Using Histone H1 Derived Peptides to Investigate Binding Affinity and Inter-Domain Dynamics in Human Pin1

Abstract

Pin1 is an essential Peptidyl-prolyl isomerase (PPIase) that catalyzes cis-trans prolyl isomerization in proteins containing pSer/pThr-Pro motifs. It has an N-terminal WW domain that targets pSer/Thr-Pro motifs and a C-terminal PPIase domain that catalyzes isomerization. In this study, we report a novel series of chimeric peptides that has been designed to optimize binding across the inter-domain interface of Pin1. The peptide series was designed based on the binding site of the Pin1 and optimal peptide sequences analyzed in earlier studies. Specifically, we started from a sequence derived from the human Histone H1.4 sequence (KATGAApTPKKSAKW). Then, we designed a series of chimeric peptides based on this H1.4 sequence. NMR titrations were performed for each peptide using both full-length Pin1 as well as the WW domain alone.
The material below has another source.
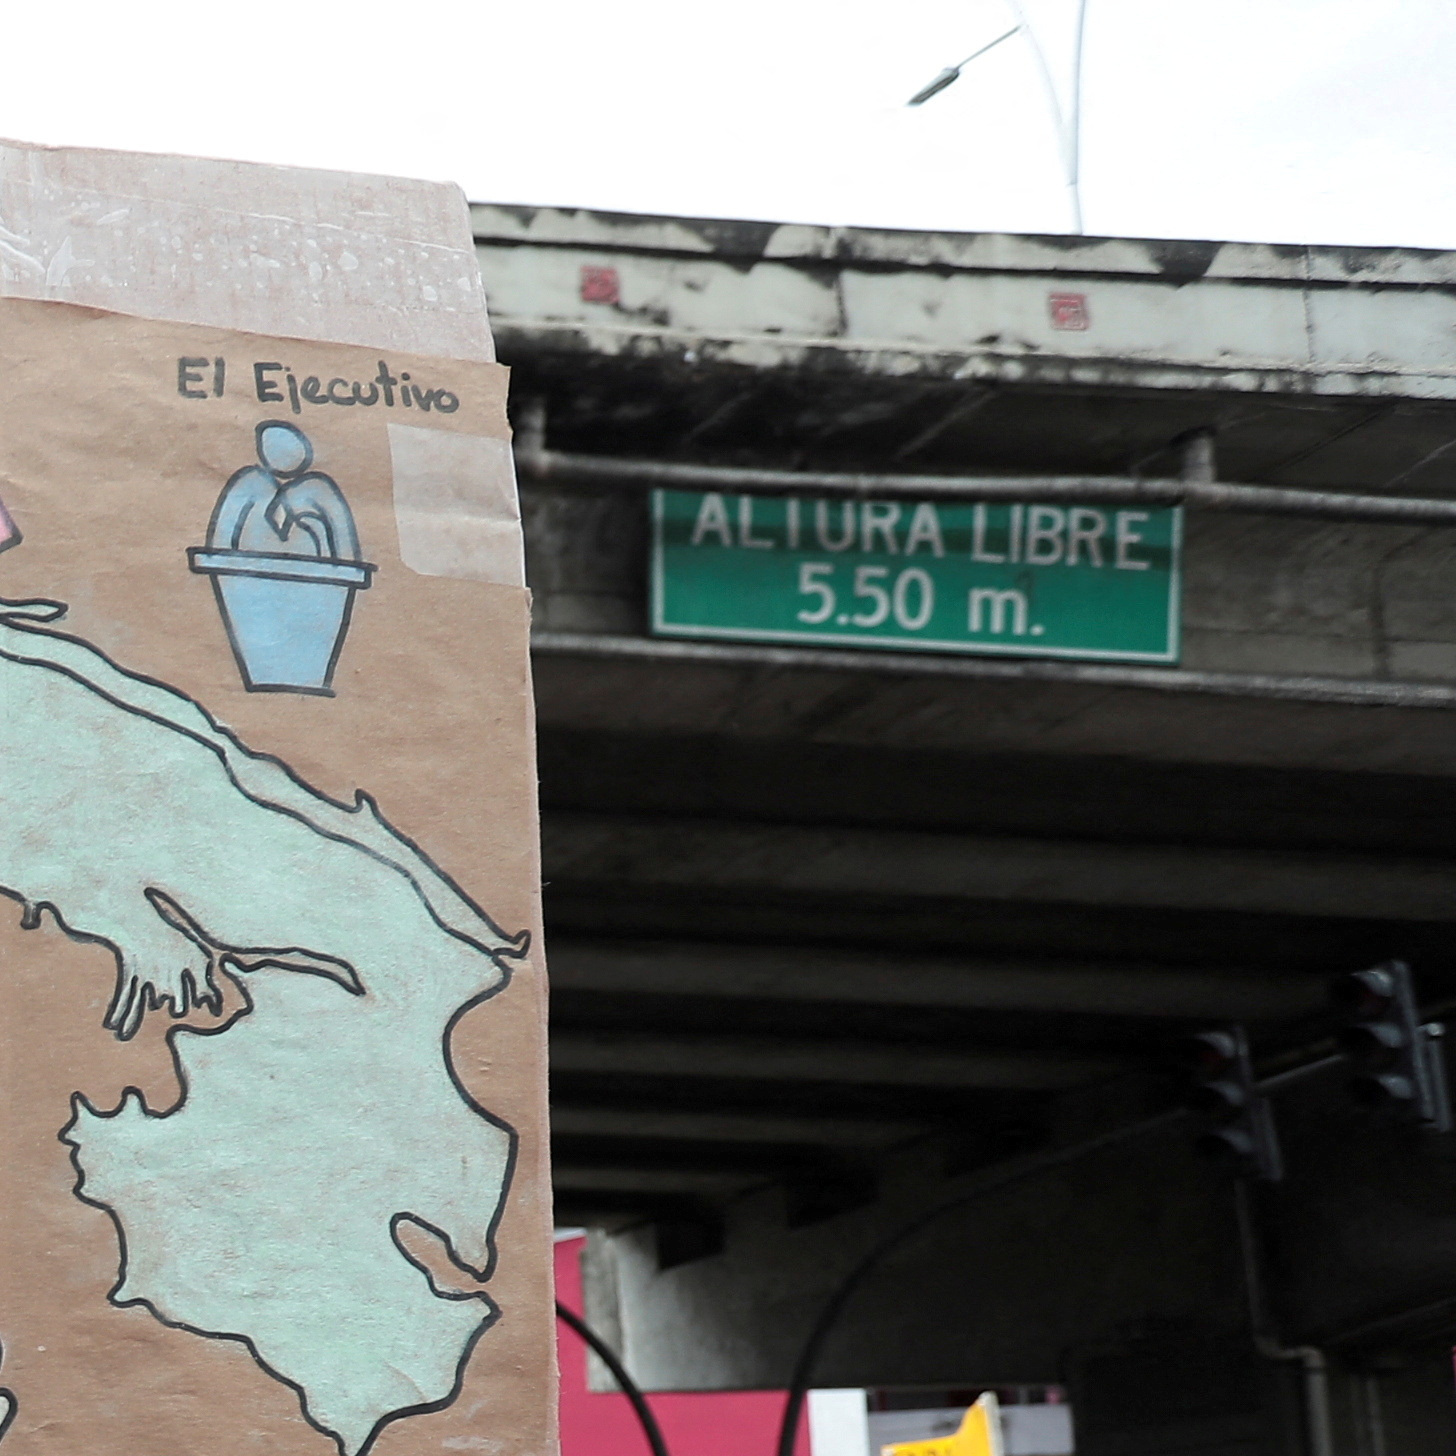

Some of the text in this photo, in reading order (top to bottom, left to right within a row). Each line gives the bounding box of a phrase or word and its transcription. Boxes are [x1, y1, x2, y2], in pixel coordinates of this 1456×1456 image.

[178, 356, 461, 414] El Ejecutivo
[690, 492, 1152, 572] ALTURA LIBRE
[797, 563, 935, 633] 5.50
An analysis of KD values reveals complexity in the energetics of interaction between the peptide substrate, the PPIase domain, and the WW domain. 15N relaxation and residual dipolar couplings (RDCs) were used to monitor the degree to which peptide binding induced inter-domain interactions. When combined with molecular simulations, our results suggest a structural basis for how substrate binding can alter the inter-domain dynamics. Finally, we investigated whether our chimeric sequences could alter catalysis (kex) using 1H-1H EXSY NMR experiments. Interestingly, no relationship was found between kex and either peptide affinity or inter-domain interaction, suggesting a lack of allosteric control for this series of peptides. Thus, while our results suggest that peptide binding can alter the interaction between the PPIase and WW domains, altering the inter-domain interaction by itself does not appear to modulate catalysis in the PPIase domain.